| Professor John Sweller: University of NSW. |
Academics from Australia’s University of New South Wales have revealed that the common practice of repeating your spoken presentation with the same words as bullet points on-screen actually makes it harder to learn and retain the information for the audience. Since PowerPoint is typically used in this way, the ‘use of the PowerPoint presentation has been a disaster’, says Professor John Sweller, an education professor at the university.
The researchers found that the human brain processes information better when presented in verbal or printed form but not when presented in both forms at the same time. Presenters who use a list of bullet points on a slide and then go through them verbally, would actually be better off if the audience ignored either the slide or the talk.
Cognitive load theory
Professor Sweller developed his so-called cognitive load theory in the 1980s. It suggests that people learn best when the strain on their working memory – a collective term for the processes that temporarily store and manipulate information – is minimised. (No wonder my brain hurts during all those presentations – Ed.) This allows the audience to move information from their working memory into long-term memory. When cognitive load (the load on working memory) is too high, learning is more difficult.

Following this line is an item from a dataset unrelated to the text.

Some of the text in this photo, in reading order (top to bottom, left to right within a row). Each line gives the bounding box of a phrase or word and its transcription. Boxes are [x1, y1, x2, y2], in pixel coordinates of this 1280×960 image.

Professor Sweller adds that a visual aid such as a chart is not the same kind of load, and that this is actually the best way to use PowerPoint. ‘It is effective to speak to a diagram, because it presents information in a different form,’ he says.

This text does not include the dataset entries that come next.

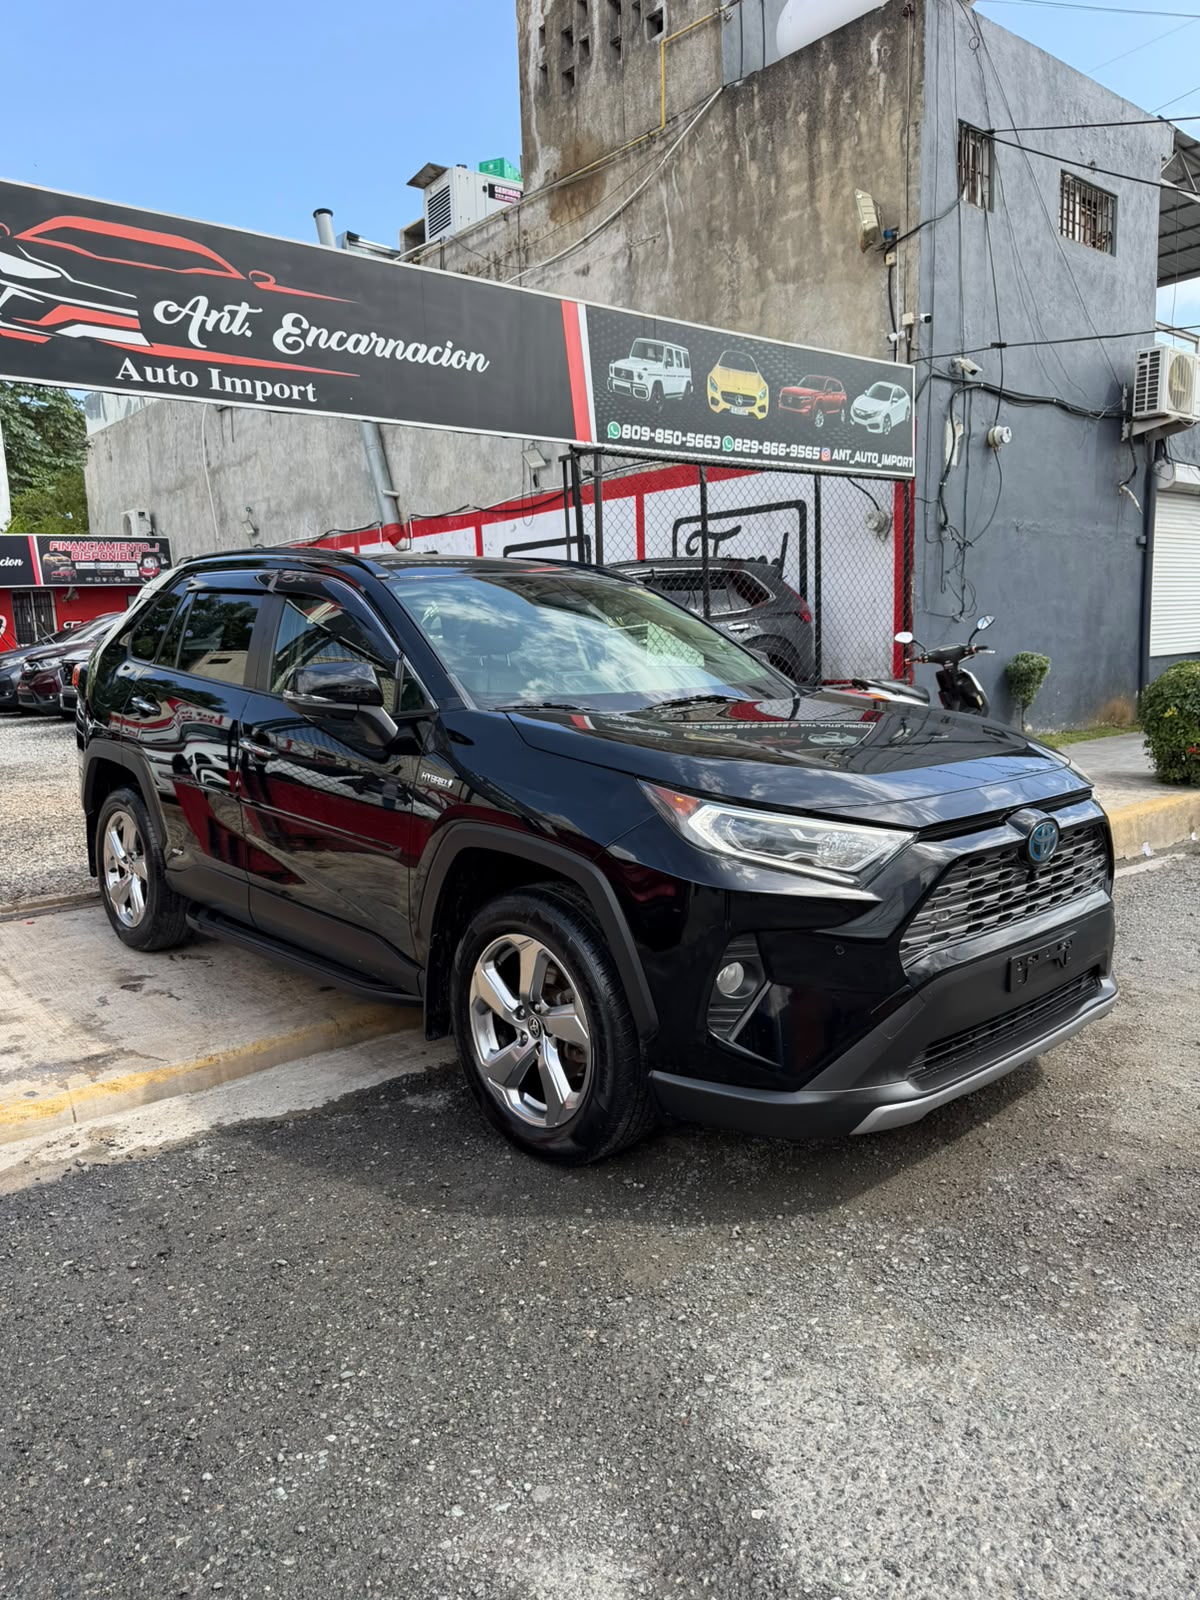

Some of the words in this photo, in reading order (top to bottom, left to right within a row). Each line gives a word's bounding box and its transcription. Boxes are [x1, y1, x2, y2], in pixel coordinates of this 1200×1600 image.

[153, 295, 263, 349] Ant.
[272, 312, 490, 373] Encarnacion
[115, 357, 199, 389] Auto
[208, 367, 317, 402] Import
[621, 424, 721, 449] 809-850-5663
[734, 438, 821, 460] 829-866-9565
[832, 448, 914, 469] ANT_AUTO_IMPORT
[71, 551, 141, 562] DISPONIBLE

| Nicholas Oulton: bullet points don't work. |
This is exactly the same advice that presentations guru Nicholas Oulton from M62 offered to ModernSelling.com readers recently in his article Top Ten Tips for Creating a Perfect Sales Presentation: ‘Bullet points in a presentation simply don't work. They are counter-productive and ineffective. If you eliminated all the bullet points in your presentation it would be better.’
Decreases understanding
Professor Sweller concludes: ‘But it is not effective to speak the same words that are written, because it is putting too much load on the mind and decreases your ability to understand what is being presented.’
Growing intolerance
Other experts agree that the current way that PowerPoint is used has now had its day. ‘I think we’re seeing a very clear trend,’ says Adobe Systems senior product marketing manager David Slater in the US Sales and Marketing Management magazine. ‘There’s a strong, growing intolerance for PowerPoint presentations with the old twelve-point font, the cheesy transitions, the car screech as a bullet comes across the street. You’re really viewed negatively if you use that stuff.’
More interactive
President of US-based Better Business Presentations, Bob Lipp agrees: ‘Future presentations will become more interactive.’ He claims presentations are shifting from monologues to dialogues, with a boost from Flash animation, special effects and video.